EXERCISE BRIEF — Could you transcribe the records below exactly, leaving out every picture?
[[ MATERIAL PROVIDED, beginning ]]
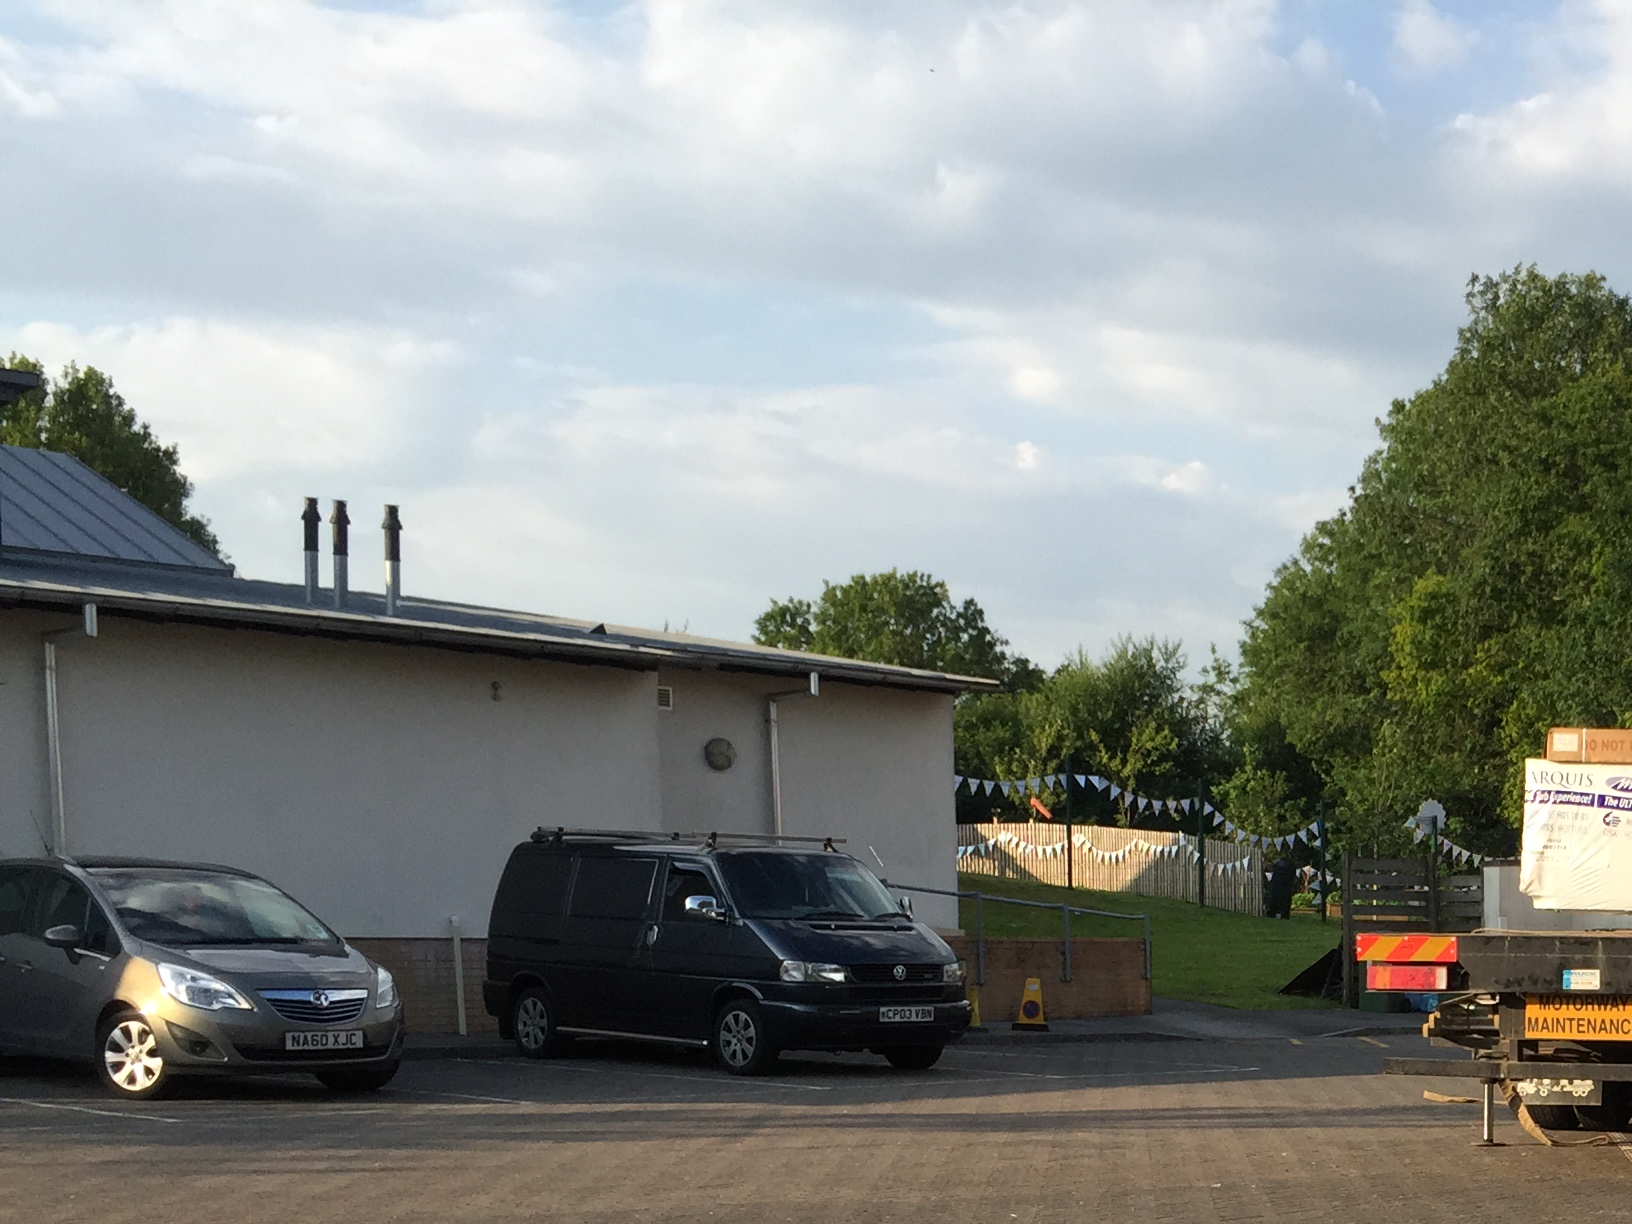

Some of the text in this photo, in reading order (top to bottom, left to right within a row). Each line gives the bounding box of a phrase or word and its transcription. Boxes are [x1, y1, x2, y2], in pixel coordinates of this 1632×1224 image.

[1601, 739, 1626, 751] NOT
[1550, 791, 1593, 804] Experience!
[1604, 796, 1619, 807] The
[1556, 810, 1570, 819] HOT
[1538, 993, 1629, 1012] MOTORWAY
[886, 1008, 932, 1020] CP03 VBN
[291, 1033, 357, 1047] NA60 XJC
[[ MATERIAL PROVIDED, end ]]
THE ANSWER —
Some of the text in this photo, in reading order (top to bottom, left to right within a row). Each line gives the bounding box of a phrase or word and its transcription. Boxes are [x1, y1, x2, y2], in pixel coordinates of this 1632×1224 image.

[1601, 739, 1626, 751] NOT
[1550, 791, 1593, 804] Experience!
[1604, 796, 1619, 807] The
[1556, 810, 1570, 819] HOT
[1538, 993, 1629, 1012] MOTORWAY
[886, 1008, 932, 1020] CP03 VBN
[291, 1033, 357, 1047] NA60 XJC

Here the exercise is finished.